Please reproduce the listing below exactly, leaving out every picture.

▬▬▬▬▬▬▬▬▬▬

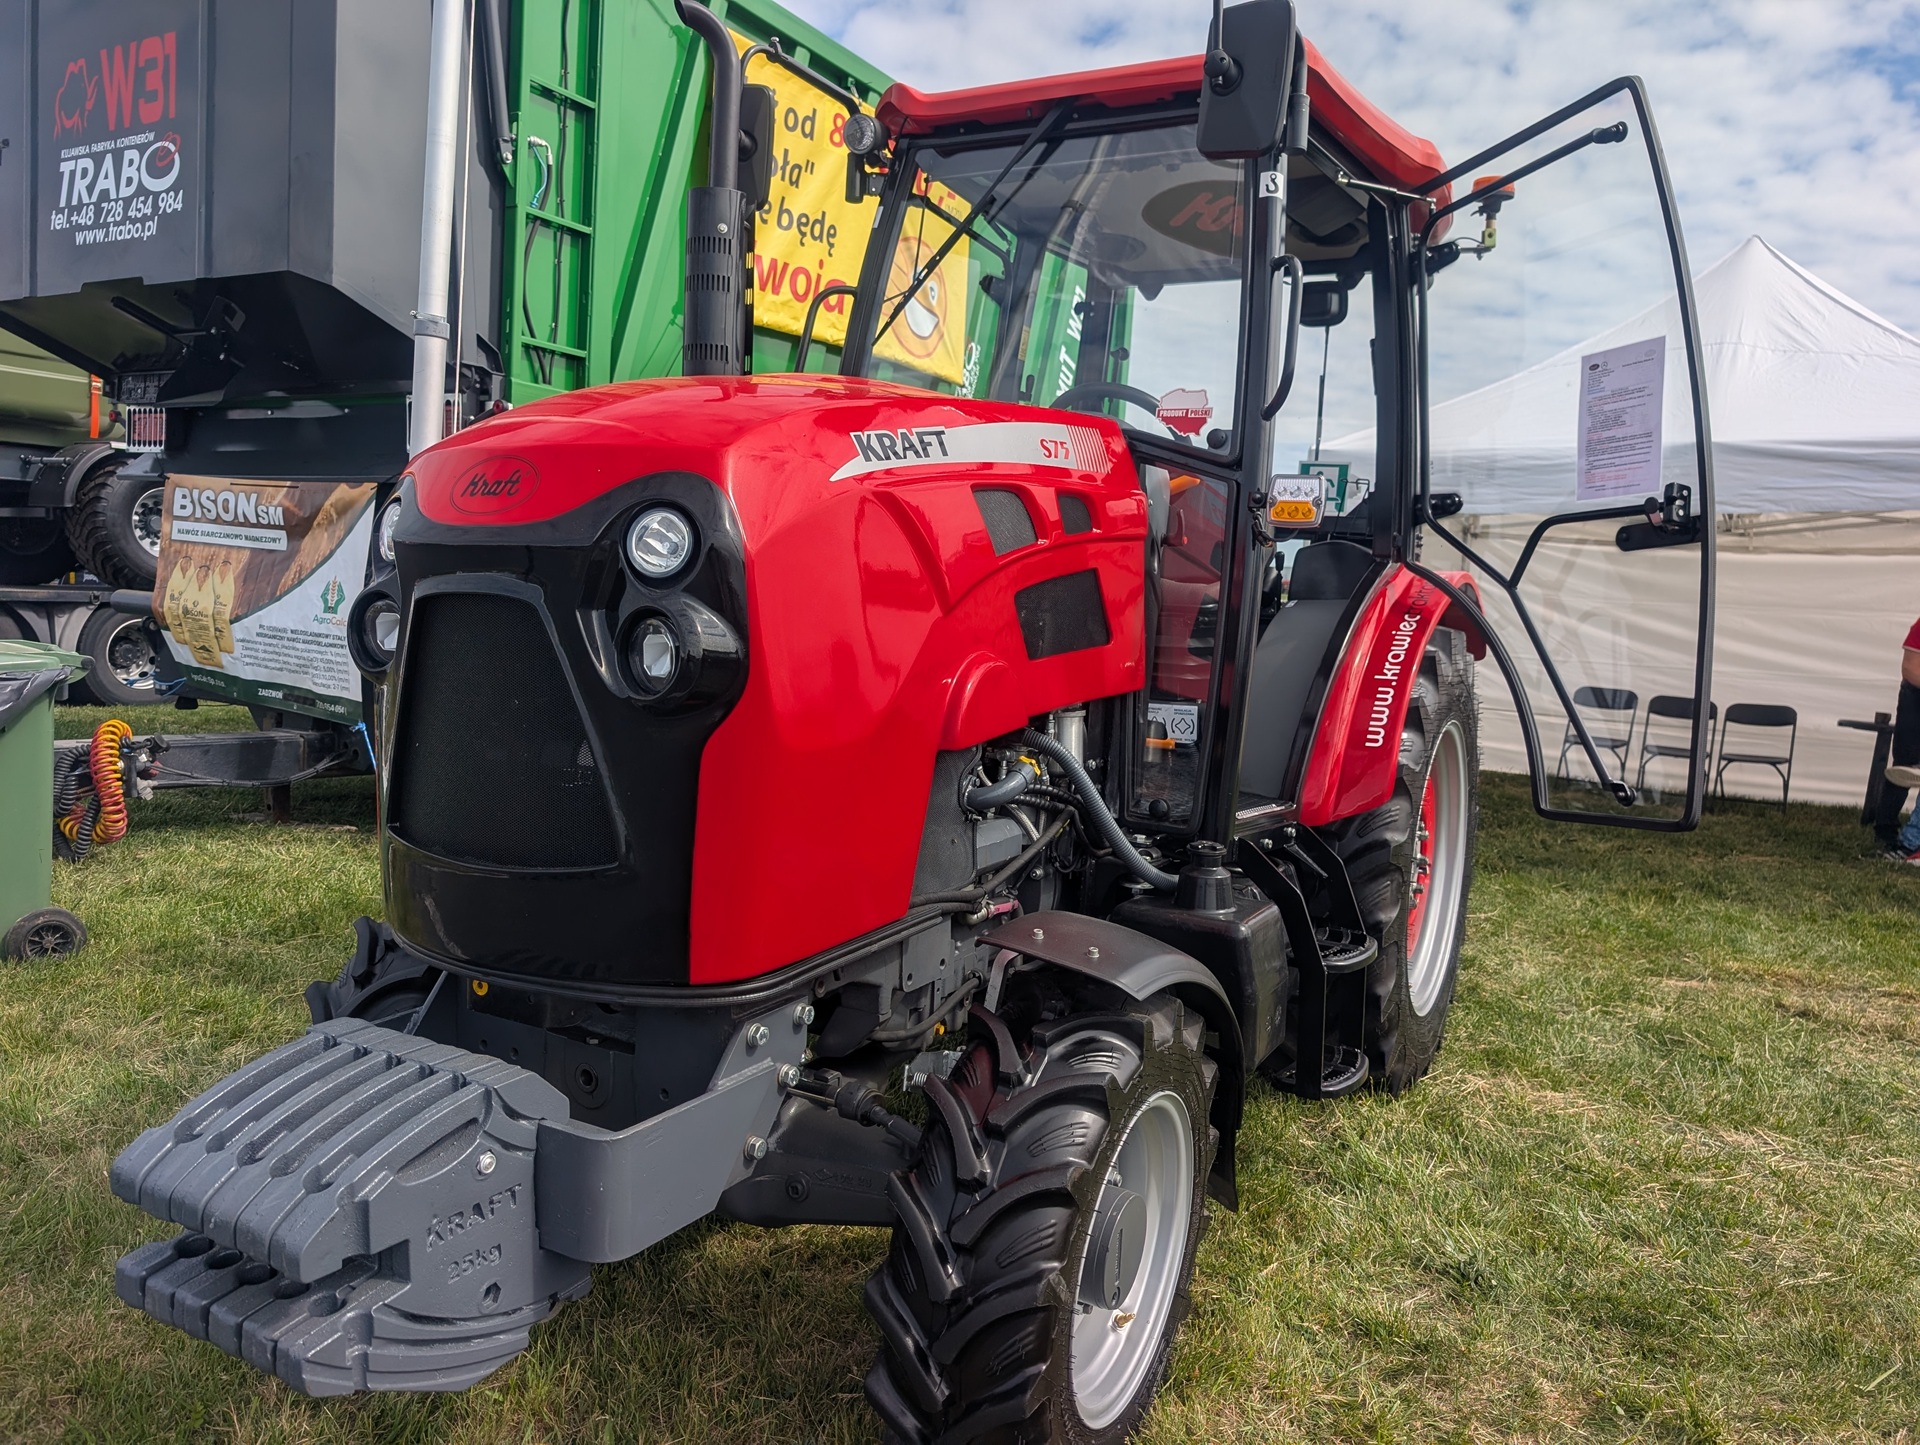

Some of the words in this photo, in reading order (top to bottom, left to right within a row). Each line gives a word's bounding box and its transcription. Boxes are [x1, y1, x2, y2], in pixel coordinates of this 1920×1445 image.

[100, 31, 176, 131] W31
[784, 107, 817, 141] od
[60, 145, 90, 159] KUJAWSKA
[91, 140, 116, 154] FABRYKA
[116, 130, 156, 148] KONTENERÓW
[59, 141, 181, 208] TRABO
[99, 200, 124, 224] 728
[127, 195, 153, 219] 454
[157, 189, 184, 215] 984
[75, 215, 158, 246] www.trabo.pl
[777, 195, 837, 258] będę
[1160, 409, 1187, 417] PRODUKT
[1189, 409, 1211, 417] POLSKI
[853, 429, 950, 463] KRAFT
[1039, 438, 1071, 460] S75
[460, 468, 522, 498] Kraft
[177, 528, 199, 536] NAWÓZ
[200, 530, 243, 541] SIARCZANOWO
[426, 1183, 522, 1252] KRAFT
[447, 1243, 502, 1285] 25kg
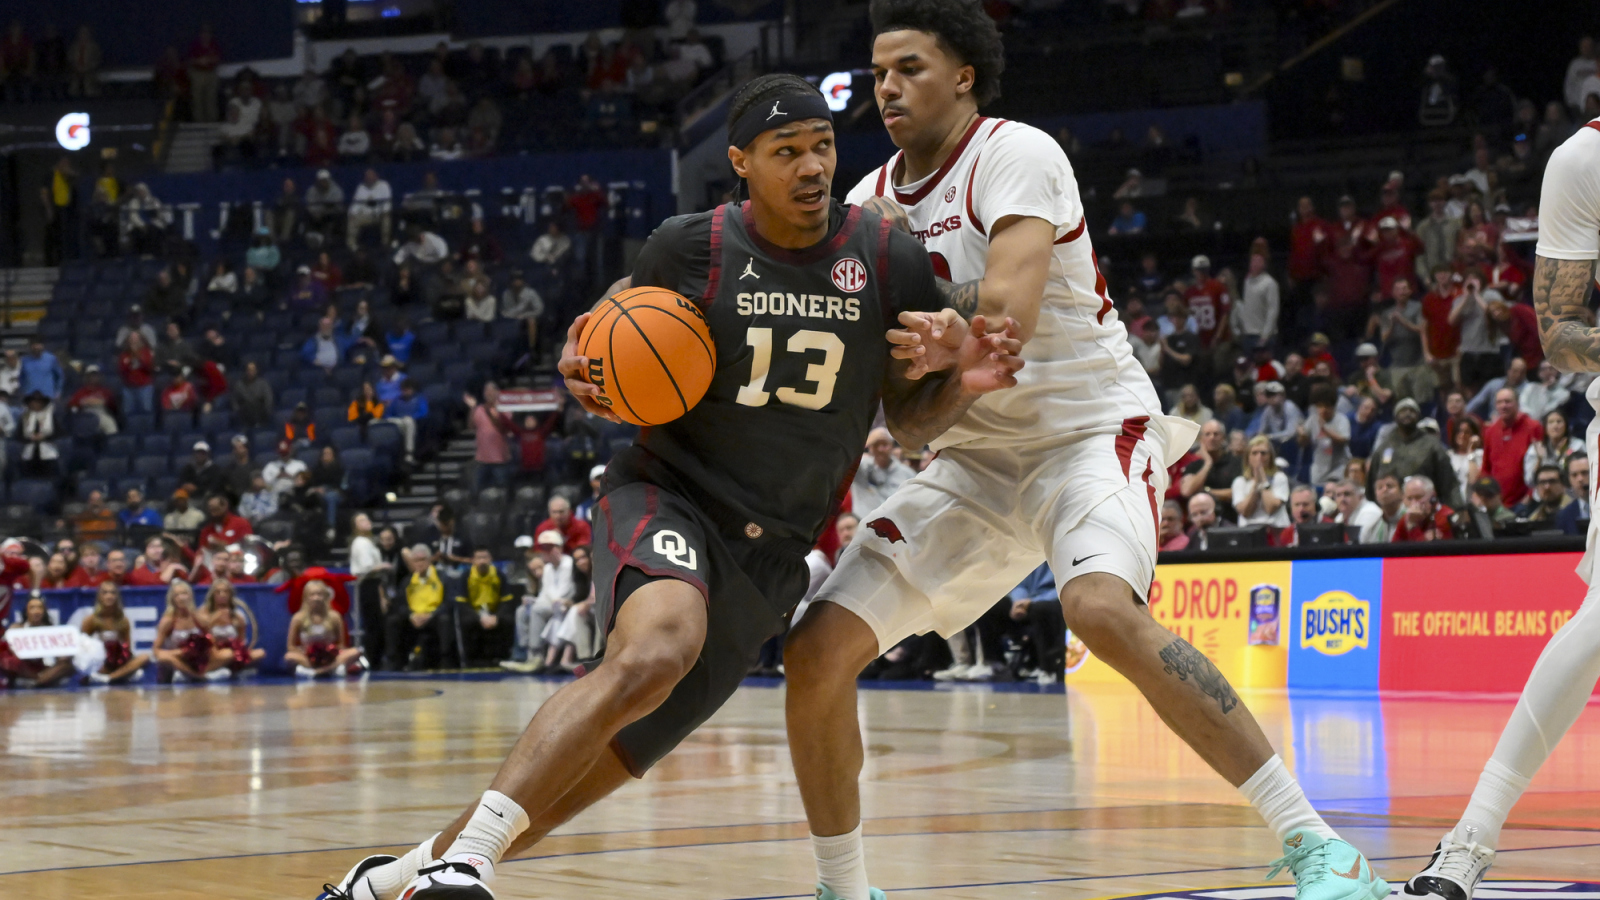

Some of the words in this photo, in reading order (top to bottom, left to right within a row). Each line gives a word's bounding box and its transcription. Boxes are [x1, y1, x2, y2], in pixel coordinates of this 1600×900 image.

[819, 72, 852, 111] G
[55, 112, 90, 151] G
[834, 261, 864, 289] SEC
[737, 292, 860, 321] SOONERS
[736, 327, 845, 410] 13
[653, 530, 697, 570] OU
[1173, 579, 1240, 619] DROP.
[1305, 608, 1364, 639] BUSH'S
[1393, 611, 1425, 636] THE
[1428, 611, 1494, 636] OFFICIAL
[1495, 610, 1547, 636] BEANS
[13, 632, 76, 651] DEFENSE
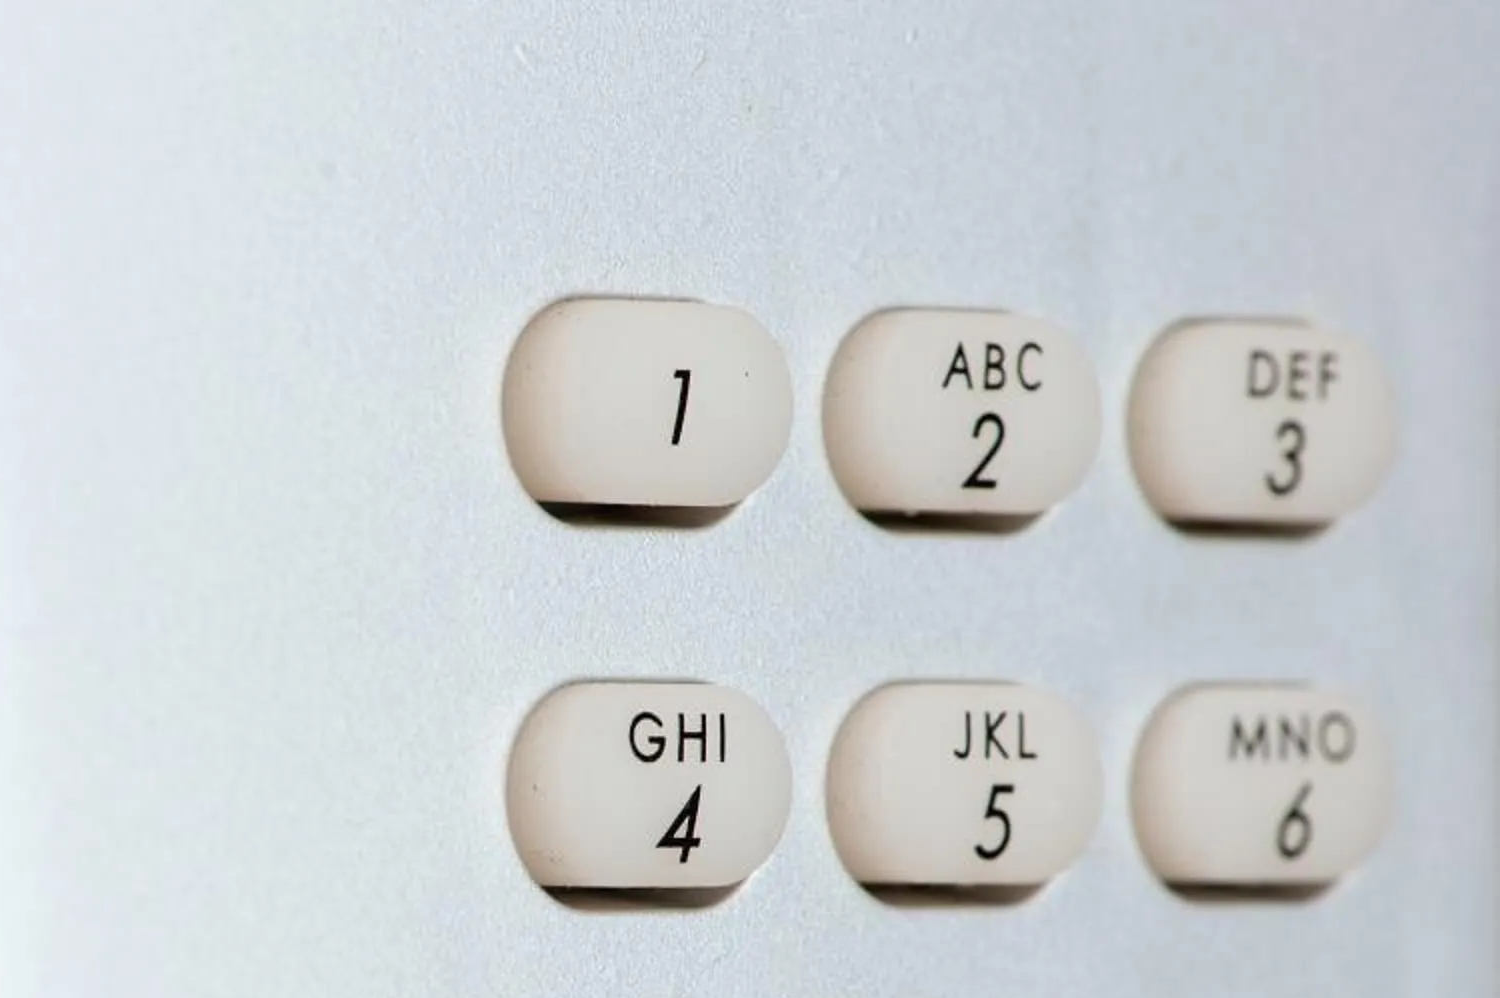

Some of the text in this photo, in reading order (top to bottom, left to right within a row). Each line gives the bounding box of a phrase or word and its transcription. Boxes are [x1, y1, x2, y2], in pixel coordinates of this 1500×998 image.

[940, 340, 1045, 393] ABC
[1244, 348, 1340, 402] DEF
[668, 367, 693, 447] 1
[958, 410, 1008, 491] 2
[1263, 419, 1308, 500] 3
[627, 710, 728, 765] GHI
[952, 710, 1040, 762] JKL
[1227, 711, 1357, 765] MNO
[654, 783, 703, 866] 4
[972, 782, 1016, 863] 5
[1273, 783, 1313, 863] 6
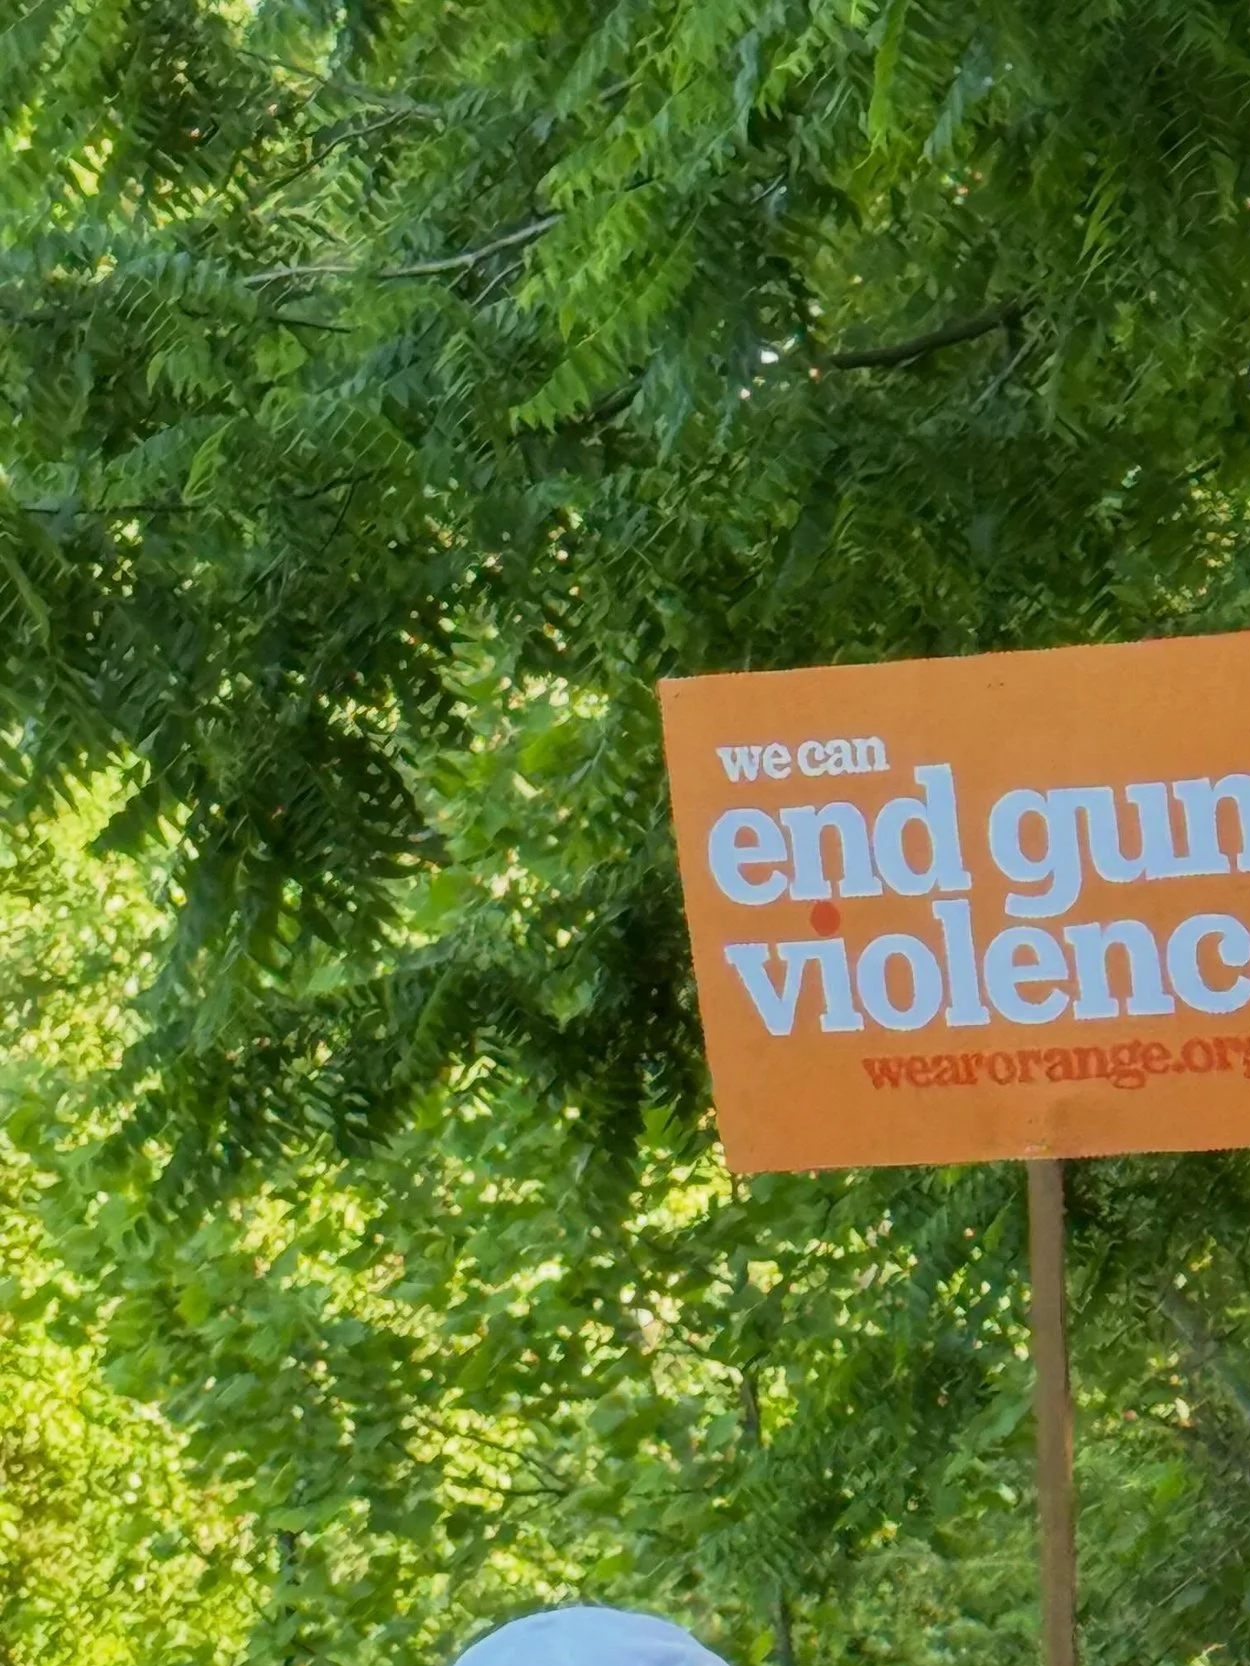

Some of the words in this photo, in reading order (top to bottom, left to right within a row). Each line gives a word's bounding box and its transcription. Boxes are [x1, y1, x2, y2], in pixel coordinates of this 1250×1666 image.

▬▬▬▬▬▬▬▬▬▬

• **Problem solution**:
Some of the words in this photo, in reading order (top to bottom, left to right within a row). Each line gives a word's bounding box and its transcription. Boxes are [x1, y1, x2, y2], in pixel coordinates of this 1920×1445 image.

[100, 31, 176, 131] W31
[784, 107, 817, 141] od
[60, 145, 90, 159] KUJAWSKA
[91, 140, 116, 154] FABRYKA
[116, 130, 156, 148] KONTENERÓW
[59, 141, 181, 208] TRABO
[99, 200, 124, 224] 728
[127, 195, 153, 219] 454
[157, 189, 184, 215] 984
[75, 215, 158, 246] www.trabo.pl
[777, 195, 837, 258] będę
[1160, 409, 1187, 417] PRODUKT
[1189, 409, 1211, 417] POLSKI
[853, 429, 950, 463] KRAFT
[1039, 438, 1071, 460] S75
[460, 468, 522, 498] Kraft
[177, 528, 199, 536] NAWÓZ
[200, 530, 243, 541] SIARCZANOWO
[426, 1183, 522, 1252] KRAFT
[447, 1243, 502, 1285] 25kg

Some of the words in this photo, in reading order (top to bottom, left to right within a row). Each line gives a word's bounding box and its transcription. Boxes are [x1, y1, x2, y2], in pixel coordinates of this 1600×900 image.

[819, 72, 852, 111] G
[55, 112, 90, 151] G
[834, 261, 864, 289] SEC
[737, 292, 860, 321] SOONERS
[736, 327, 845, 410] 13
[653, 530, 697, 570] OU
[1173, 579, 1240, 619] DROP.
[1305, 608, 1364, 639] BUSH'S
[1393, 611, 1425, 636] THE
[1428, 611, 1494, 636] OFFICIAL
[1495, 610, 1547, 636] BEANS
[13, 632, 76, 651] DEFENSE

Some of the text in this photo, in reading order (top to bottom, left to right within a row). Each line gives the bounding box of a phrase or word and its transcription. Boxes are [x1, y1, x2, y2], in pixel coordinates of this 1500×998 image.

[940, 340, 1045, 393] ABC
[1244, 348, 1340, 402] DEF
[668, 367, 693, 447] 1
[958, 410, 1008, 491] 2
[1263, 419, 1308, 500] 3
[627, 710, 728, 765] GHI
[952, 710, 1040, 762] JKL
[1227, 711, 1357, 765] MNO
[654, 783, 703, 866] 4
[972, 782, 1016, 863] 5
[1273, 783, 1313, 863] 6

Some of the words in this photo, in reading order (top to bottom, left to right within a row). Each line gives a word's bounding box and its transcription. Boxes are [x1, y1, x2, y2], in pixel coordinates of this 1250×1666 image.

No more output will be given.